Logement : l’Uniopss dénonce l’abandon de l’encadrement des loyers

Logement

Après l’annonce d’un nouveau plan gouvernemental pour relancer la construction de logements, l’Uniopss exige « des contreparties sociales pour loger les ménages modestes ».

Le nouveau plan de relance pour le logement, présenté fin août par le Premier ministre, contient « peu de mesures » concernant les personnes aux revenus les plus modestes, déplorent l’Uniopss et ses adhérents. Les associations dénoncent, depuis plusieurs années, les baisses de l’aide à la pierre pour le logement locatif public et les baisses des contributions de l’État au fonds national des aides au logement. « Il n’est pas acceptable que les aides publiques servent à accroître le patrimoine des ménages les plus riches, alors que l’on compte 3,5 millions de mal logés et 150 000 sans-abris », martèle l’Uniopss.

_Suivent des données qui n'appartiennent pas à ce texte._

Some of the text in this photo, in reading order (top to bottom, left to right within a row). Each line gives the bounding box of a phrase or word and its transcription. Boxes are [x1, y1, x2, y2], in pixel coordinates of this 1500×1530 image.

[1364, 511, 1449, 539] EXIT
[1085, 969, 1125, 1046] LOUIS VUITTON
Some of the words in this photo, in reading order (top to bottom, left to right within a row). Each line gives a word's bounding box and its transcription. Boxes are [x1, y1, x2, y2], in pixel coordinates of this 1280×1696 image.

L’Uniopss demande donc que « les dispositifs de défiscalisation sur les investissements immobiliers soient accordés avec des contreparties sociales pour loger les ménages modestes. Dans un contexte économique difficile, où la rigueur budgétaire est annoncée, les aides publiques doivent, en effet, être ciblées pour le logement des personnes aux revenus les plus modestes ».

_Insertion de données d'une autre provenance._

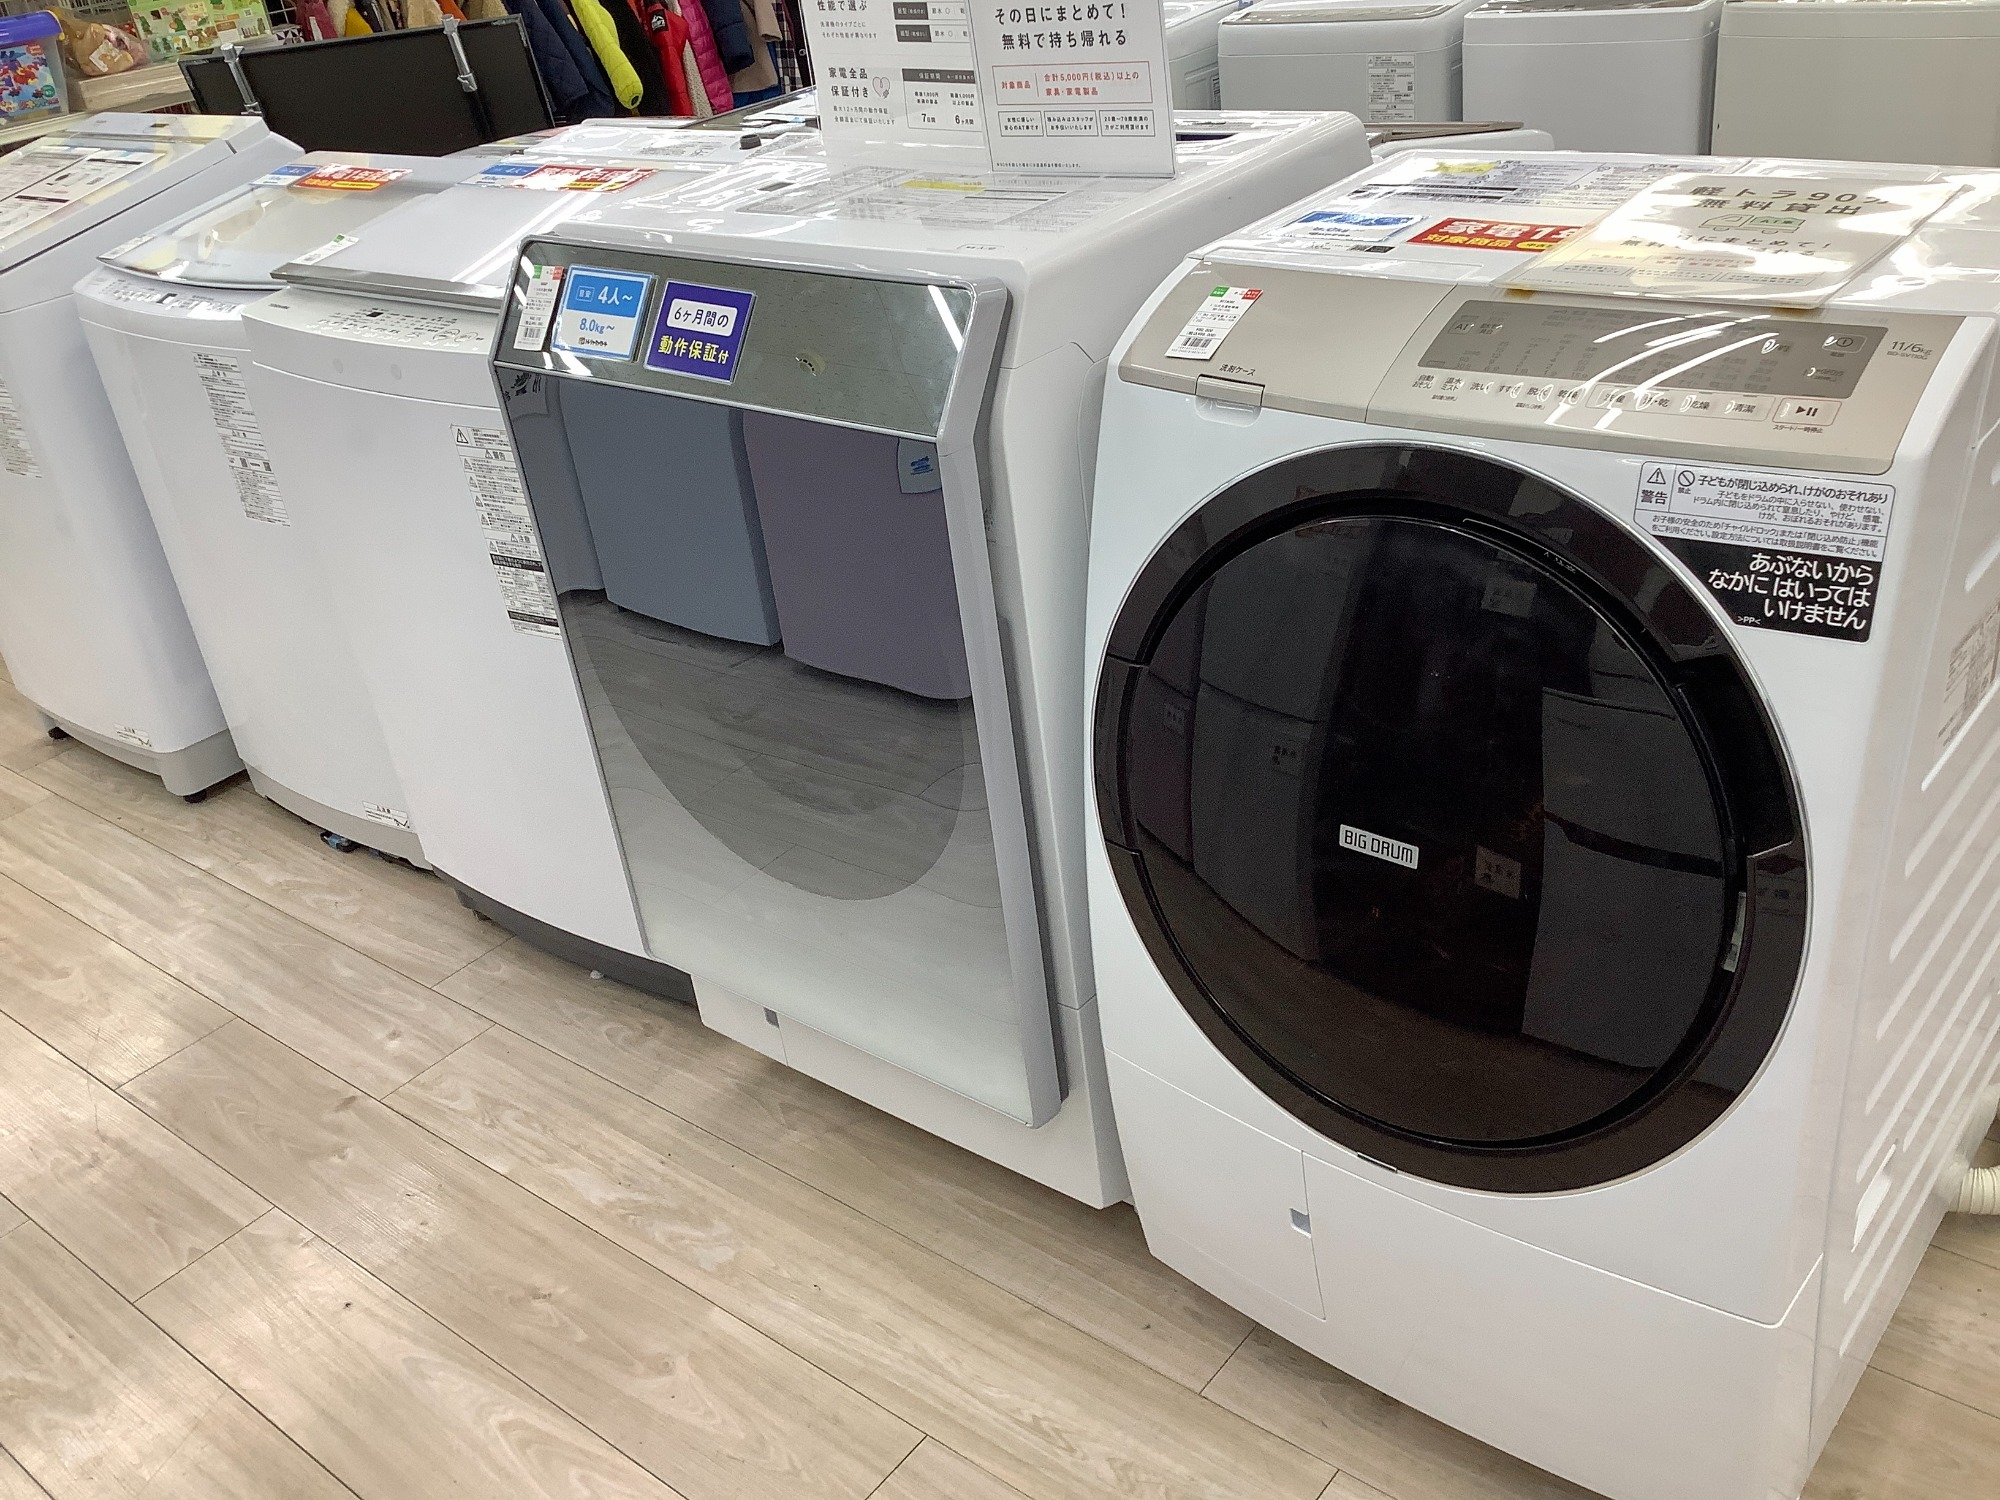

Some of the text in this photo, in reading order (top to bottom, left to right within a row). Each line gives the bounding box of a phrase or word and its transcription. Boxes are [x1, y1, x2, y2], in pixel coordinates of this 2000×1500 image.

[994, 3, 1127, 26] その日にまとめて！
[1001, 29, 1127, 51] 無料で持ち帰れる
[828, 67, 868, 80] 家電全品
[1044, 71, 1139, 83] 合計5,000円(税込)以上の
[830, 86, 870, 99] 保証付き
[1001, 80, 1031, 90] 対象商品
[658, 334, 730, 365] 動作保証付
[1219, 363, 1257, 377] 洗剤ケース
[1640, 488, 1668, 505] 警告
[1677, 486, 1691, 495] 禁止
[1697, 474, 1889, 504] 子どもが閉じ込められ、けがのおそれあり
[1749, 552, 1874, 584] あぶないから
[1737, 615, 1761, 625] >PP<
[1764, 597, 1867, 630] いけません
[1344, 829, 1414, 864] BIG DRUM

Dans le même esprit, l’Union regrette l’abandon du « caractère universel » de la garantie des loyers et celui de l’encadrement des loyers dans les marchés immobiliers très tendus hors Paris. Ces décisions sont « profondément injustes pour des milliers de personnes qui souffrent du mal logement, tout en constituant un retour sans passer par le Parlement sur une loi votée par lui », estime l’Uniopss.